My arches are often not in the same place as where the shoe arches want them to be.


Zenkitty - Jun 03, 2010 10:17:31 am PDT #3718 of 30001
Every now and then, I think I might actually be a little odd.

There is so much pet hair and other ick on our floors that I NEVER go barefoot in the house, which breaks my heart.

Another reason I'm glad of my cleaning service! I clean the floor of the downstairs bathroom between cleanings, where it tends to get dirtier, but my litterbox set-up results in very little tracking, which would be the main problem.

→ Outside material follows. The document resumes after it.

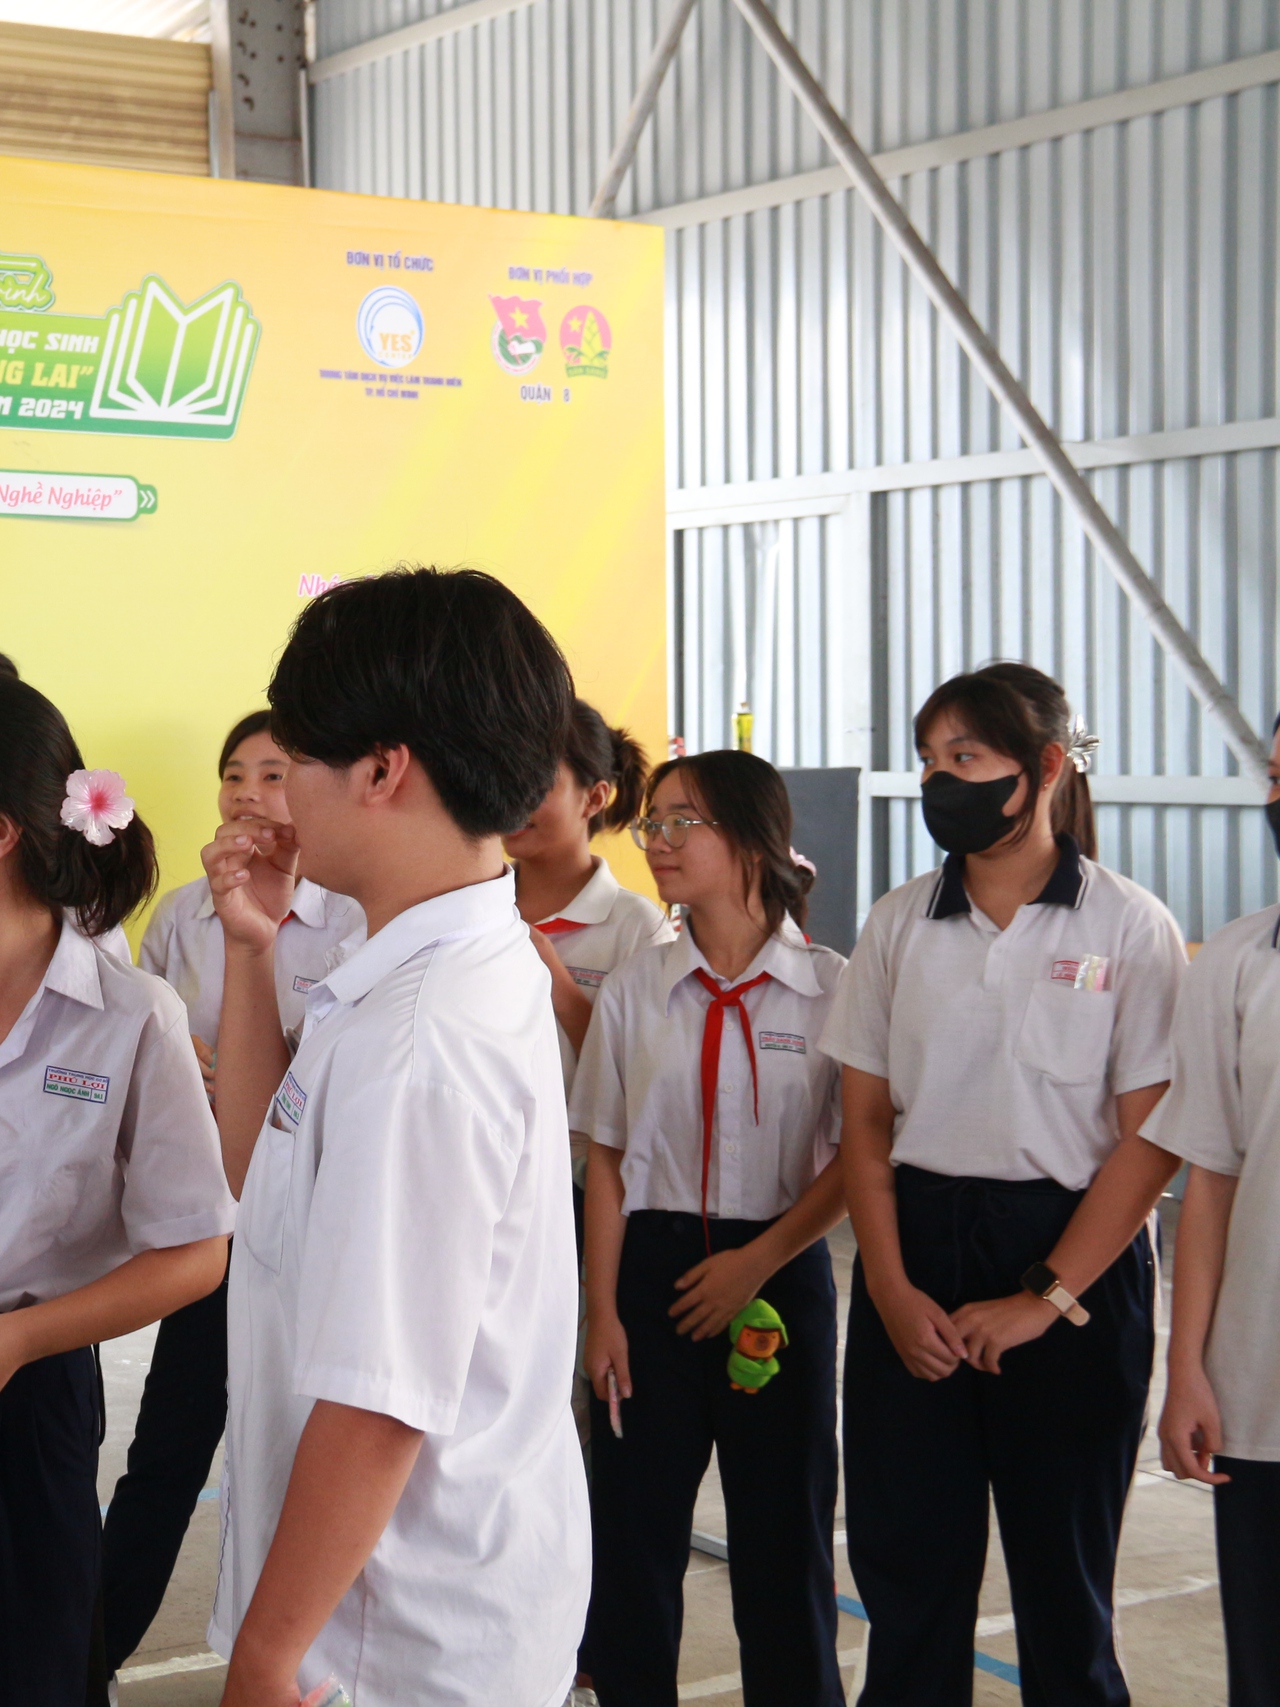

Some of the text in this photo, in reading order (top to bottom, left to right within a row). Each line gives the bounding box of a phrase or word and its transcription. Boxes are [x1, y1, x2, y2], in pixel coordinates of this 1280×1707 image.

Connie Neil - Jun 03, 2010 10:18:23 am PDT #3719 of 30001
brillig

Hubby hates any sandal that makes a flap noise, because it reminds him of the little old ladies he saw when he was a kid in Hawaii, flapping around in their sandals made of old tires. For some reason, it just drives him nuts, no matter how cute or comfortable they are.


Sophia Brooks - Jun 03, 2010 10:22:47 am PDT #3720 of 30001
Cats to become a rabbit should gather immediately now here

The thought of flip flops gives me the chills. I cannot stand that thing between my toes!

Also, didn't flip flops used to be called "thongs"


Steph L. - Jun 03, 2010 10:25:03 am PDT #3721 of 30001
I look more rad than Lutheranism

The thought of flip flops gives me the chills. I cannot stand that thing between my toes!

Do flip-flops, by their very nature, have to have that toe thing? Because I refer to the ones without the toe thing as "flip flops".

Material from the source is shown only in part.